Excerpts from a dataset

=== Begin Enclosure ===

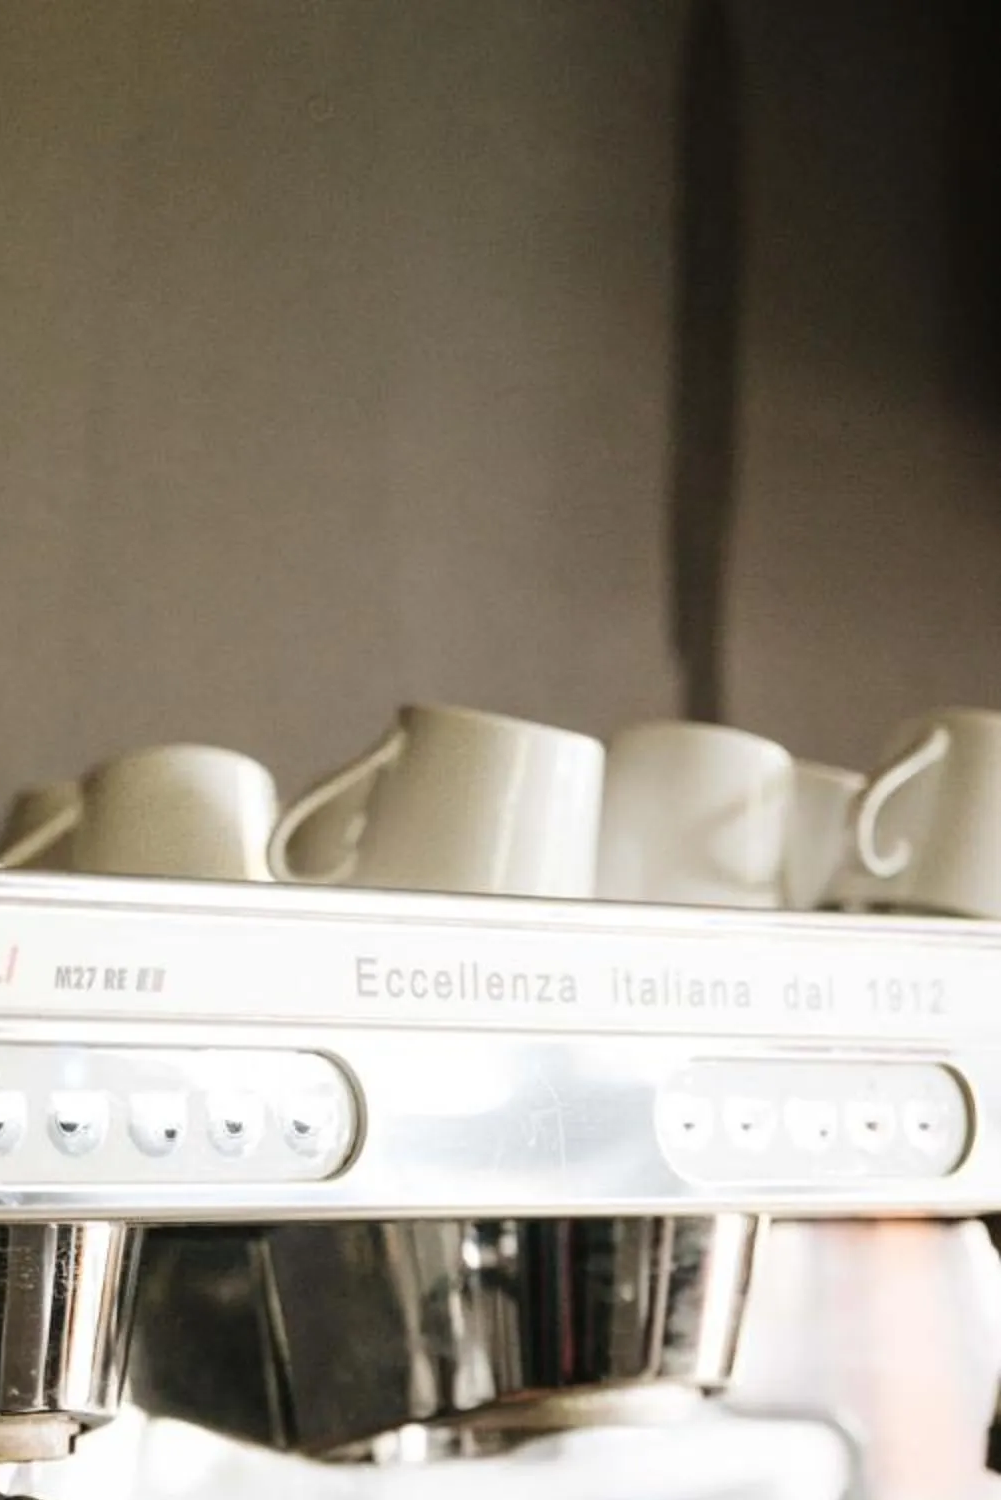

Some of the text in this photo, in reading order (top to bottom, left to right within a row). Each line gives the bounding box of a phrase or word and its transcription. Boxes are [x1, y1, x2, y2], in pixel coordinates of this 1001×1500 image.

[54, 965, 98, 991] M27
[103, 967, 128, 991] RE
[355, 956, 947, 1015] Eccellenza italiana dal 1912
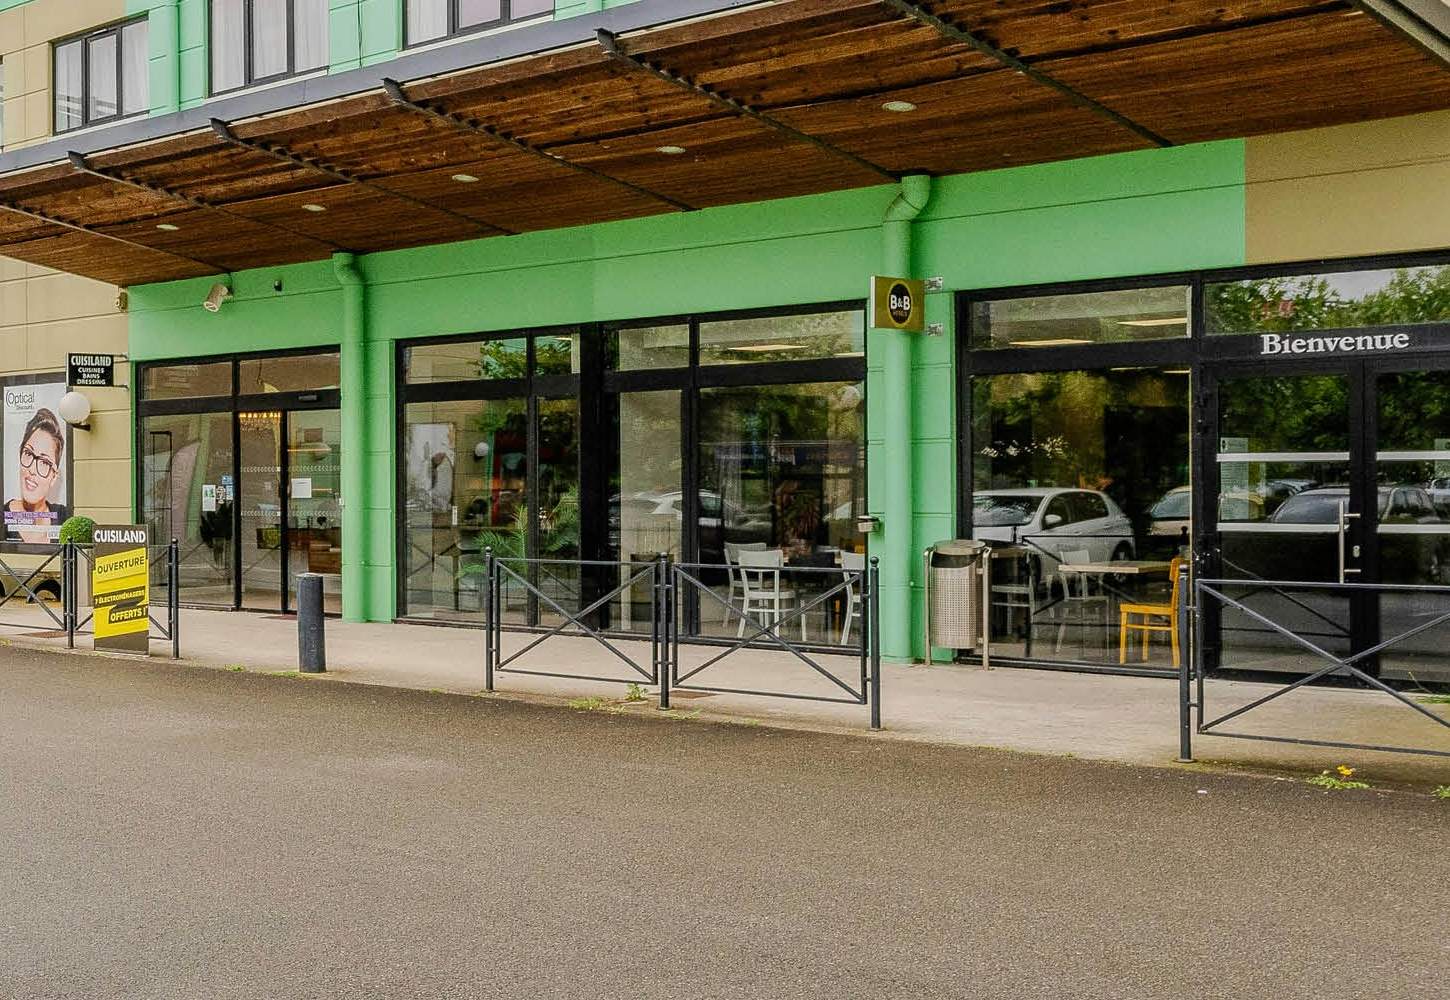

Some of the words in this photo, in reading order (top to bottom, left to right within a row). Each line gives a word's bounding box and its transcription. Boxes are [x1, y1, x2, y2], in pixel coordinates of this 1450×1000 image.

=== End Enclosure ===

Without including any pictures, print each record exactly.

• **Task solution**
Some of the text in this photo, in reading order (top to bottom, left to right within a row). Each line gives the bounding box of a phrase or word and its transcription. Boxes are [x1, y1, x2, y2], in pixel coordinates of this 1001×1500 image.

[54, 965, 98, 991] M27
[103, 967, 128, 991] RE
[355, 956, 947, 1015] Eccellenza italiana dal 1912

Some of the words in this photo, in reading order (top to bottom, left to right within a row). Each line gives a word's bounding box and its transcription. Boxes are [x1, y1, x2, y2], in pixel coordinates of this 1450×1000 image.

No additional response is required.